Bu, köleliğe tarihi bir direniştir ve bin yılı vardır; bu dünyada cinsiyetçiliğin ağırlığını hissetmeyen tek bir kadın yoktur. Bu nedenle, her kadının mücadele ve direniş zamanları geçirdiğini söylemeye cüret ediyorum. Bazen bilinçsizce, bazen tek başına veya başkalarının desteğiyle, bazen korkuyla ve bazen kararlılıkla cesaret dolu kararlar alır.

Eski doğal toplumlarda kadın yaşamın merkezindeydi. Topluma bilgelikle tavsiyeler vermek, korumak ve bakmak gibi rolleri vardı. Ailesine bakmak ve ailesini, yakınlarını iyileştirebilmek gibi yetenekleri vardı. Adam kadını kovdu, özerkliğini yok etti, bilgisini çaldı, güç ve otorite empoze etti; adam kadının ruhunda ve bedeninde, insanlar arası ilişkinin alanını daraltarak bir damga ve kölelik şekillendirdi. Kadınların yaşamları günümüze mahkûm edildi. Tarihin gelişimi bu durumu sürdürdü ve kadınların ezilmesi, sınırlardan, renklerden veya dinlerden bağımsız, yaşları ve kültürleri aşan bir problem haline geldi. Bu yüzden bu muazzam düşmanla yüzleşmek için birlik ve eylem, mücadelede muzaffer olmak için gerekli araçlar olacaktır.

Her kadın, kadın olduğundan ve karakteristik özelliklerinden dolayı iki kere baskı görür. Siyah olmak, işçi sınıfından, şişman, hasta, yaşlı, yabancı, bekâr anne, eşcinsel, dul olmak… Burjuva ve kapitalist toplum, üzerimizdeki baskıyı daha kapsamlı ve devamlı hale getirmek için herhangi bir tanım arar. Ben zulmün var olduğu andan itibaren direnişin de var olduğuna inananlardanım. Bunun kesinlikle kadınların direnişçi karakterinden öne çıkan bir şey olduğunu düşünüyorum. Ancak, aktif, sürekli ve kararlı bir şekilde örgütlenilmemişse, direniş yeterli değildir. Kocalarının, çocuklarının ve kendilerini yok sayan, hayatlarına bir paha biçen dinlerin mahkumu olan kadınlar olduğu sürece, hapishaneler fakir kadınlarla dolu olduğu sürece, kadınlar, burjuva ve kapitalist tıbbi sistem tarafından himaye edilen emek cezalarıyla köleleştirilmeye devam edildiği sürece, bizleri sadece erkeklere ve sisteme daha itaatkâr kılan kadınlık klişelerine, sığmayacağımız bir yaşamı arzulamaya zorlandığımız sürece asla özgürlük hayalleri kuramayız.

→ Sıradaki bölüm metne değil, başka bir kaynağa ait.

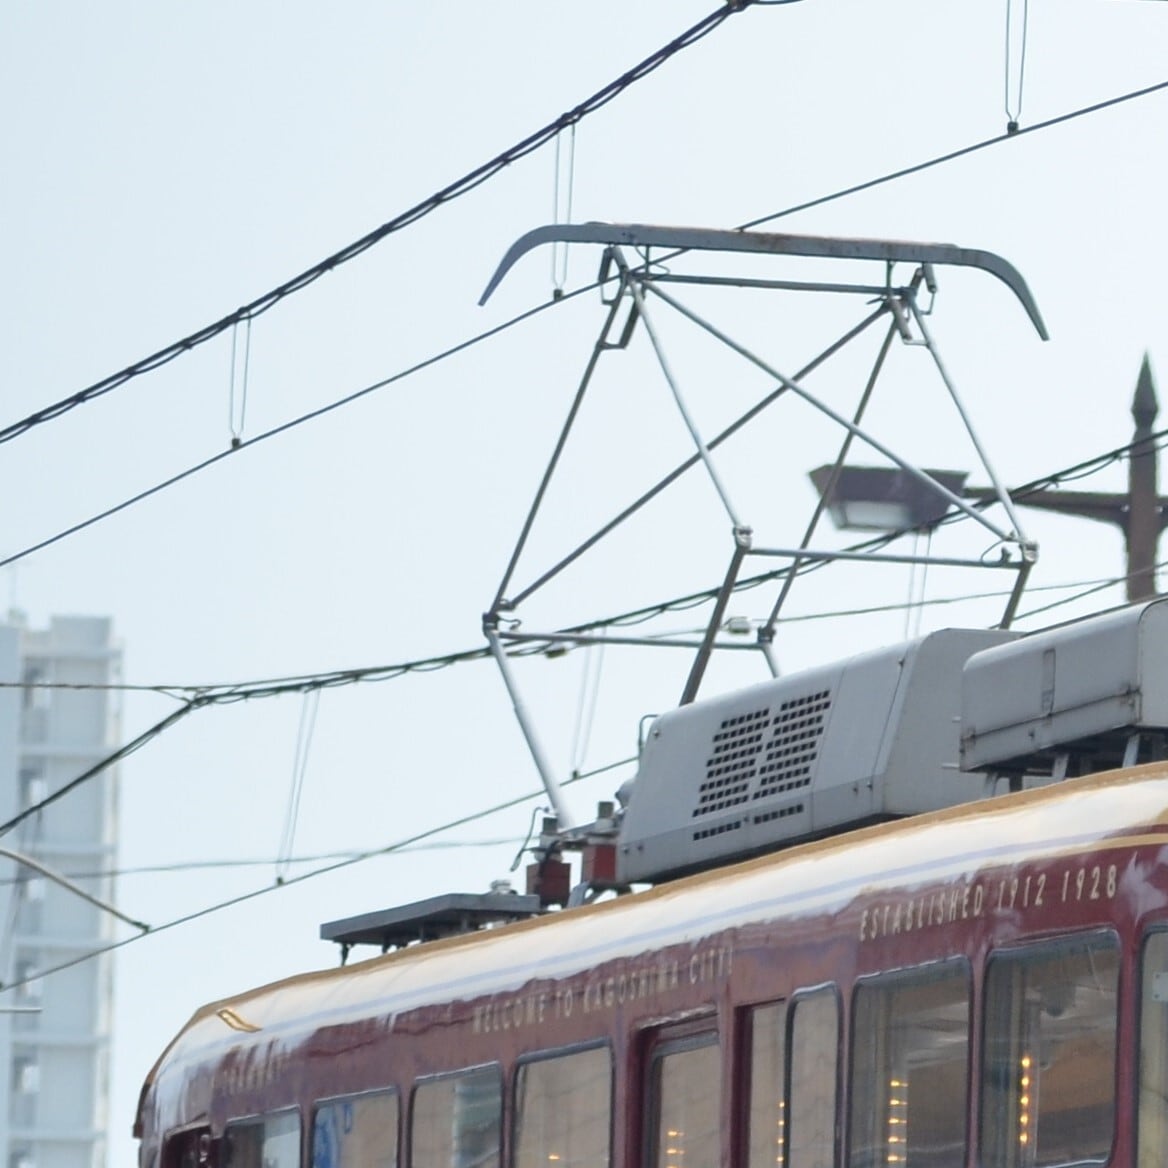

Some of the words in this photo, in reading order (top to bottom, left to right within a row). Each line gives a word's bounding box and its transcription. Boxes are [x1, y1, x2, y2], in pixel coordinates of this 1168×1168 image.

[860, 884, 984, 941] ESTABLISHED
[1000, 873, 1046, 909] 1912
[1062, 864, 1118, 902] 1928

İktidara karşı örgütlenen ve komplolar kuran kadınlar her zaman var olmuştur, bazen görünür olmasalar bile. Her zaman kapitalizmi ve müttefiklerini karşı karşıya getirmeye ve yok etmeye çalışanlar vardı. Bu özgürlük girişimlerinde kadınlar, bazen yoldaşlarıyla, bazen de özerk yapılarla kendilerini örgütlediler. Cinsiyetçilik yoldaşlarımız arasında da ortaya çıkar. Bu nedenle karma olmayan özerk yapılar, kadınlar için yaratılan mücadele alanları, uluslararası düzeyde, dünyanın her yerinde dayanışma ve koordine eylemler geliştirmek ve oluşturmak için vazgeçilmez bir mücadele aracı haline gelmiştir. Chiapas, Meksika, Endonezya, Rusya, İspanya iç savaşı, Kürdistan, Paris Komünü, vb. kadınlar kendi aralarında örgütlenmemiş olsalardı, direnişin tarihi farklı olurdu. Zapatistalar, CNT-FAI Milisleri, Rusya’nın anarşistleri, Filistin’deki direnişin kadınları, Meksika’daki yerliler ve Mapuçeler, PKK’li kadınlar (Kürdistan İşçi Partisi), gayrı resmi olarak örgütlü kadınlar sayesinde bugün için referanslarımızı buluyoruz ve silahlı mücadelenin önemi ve kadınların bu yaşam denen savaştaki rolü hakkında konuşabiliyoruz. Mücadelemizin temel hedeflerinden birinin özgür ve onurlu bir yaşam mücadelesi olduğunu unutmadan.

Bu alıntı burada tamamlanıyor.